This power under § 105(a) includes the authority of the court to dismiss a case with prejudice. See McCoy, 237 B.R. at 422; In re Spear, 203 B.R. 349, 354 (Bankr.D.Mass. 1996). Multiple filings by a debtor are not, in and of themselves, improper. Pike, 258 B.R. at 881 (citing Johnson v. Home State Bank, 111 S.Ct. 2150 (1991), and Soc'y Nat'l Bank v. Barrett (In re Barrett), 964 F.2d 588, 591 (6th Cir. 1992)). However, a history of multiple filings and dismissals can be construed as bad faith. See Pike, 258 B.R. at 881; McCoy, 237 B.R. at 422.

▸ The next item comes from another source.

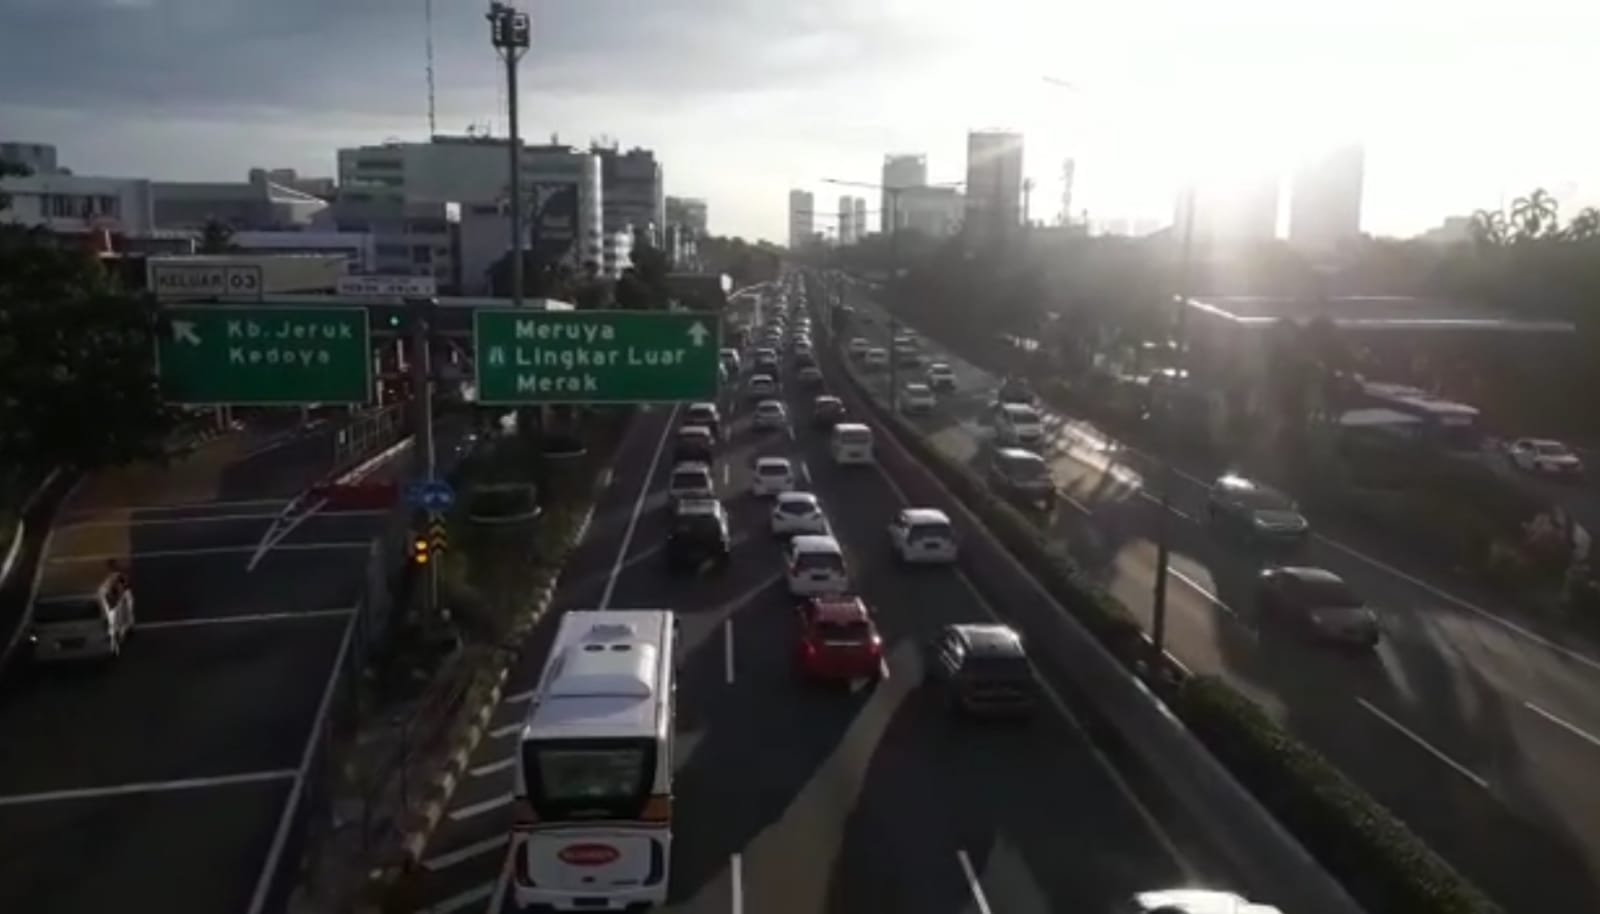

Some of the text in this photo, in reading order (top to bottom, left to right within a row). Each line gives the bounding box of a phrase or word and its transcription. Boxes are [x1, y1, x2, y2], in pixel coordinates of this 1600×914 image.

When a debtor has flagrantly misused the bankruptcy process, the court may impose a bar on the ability of the debtor to re-file within a specific time period. See McCoy, 237 B.R. at 422. "In order to prevent abuse of the bankruptcy process by bad-faith filings, courts have the authority to dismiss bankruptcy cases, [and] enjoin future filings . . . under sections 105(a) and 109(g)(1). . . ." Id. The court may utilize this remedy on its own or in response to the Debtor's Motion to Dismiss pursuant to § 1307(b). See In re Dilley, 125 B.R. 189, 195 (Bankr.N.D.Ohio 1991).

III

Here, the court finds that the Debtor's three bankruptcy filings within an eleven-month period constitutes an abuse of the bankruptcy process. Individually taken, the court does not take issue with the Debtor obtaining a discharge under Chapter 7 on January 10, 2002, nor does the court take issue with his filing of a Chapter 13 case in April 2002, and again in July 2002 after the first Chapter 13 case was dismissed for failure to make payments to the Trustee. However, when taken together, along with the Debtor's Motion to Dismiss filed on the eve of the confirmation hearing, and the three separate objections to confirmation filed by the Trustee, Midland Mortgage Company, and Victoria Loveday, the evidence weighs heavily against the Debtor filing in good faith. Accordingly, the court will amend the October 9, 2002 Order Dismissing Case to include a provision barring the Debtor from filing a future petition under title 11 of the United States Code for a period of ninety (90) days from the date of the amended order dismissing case.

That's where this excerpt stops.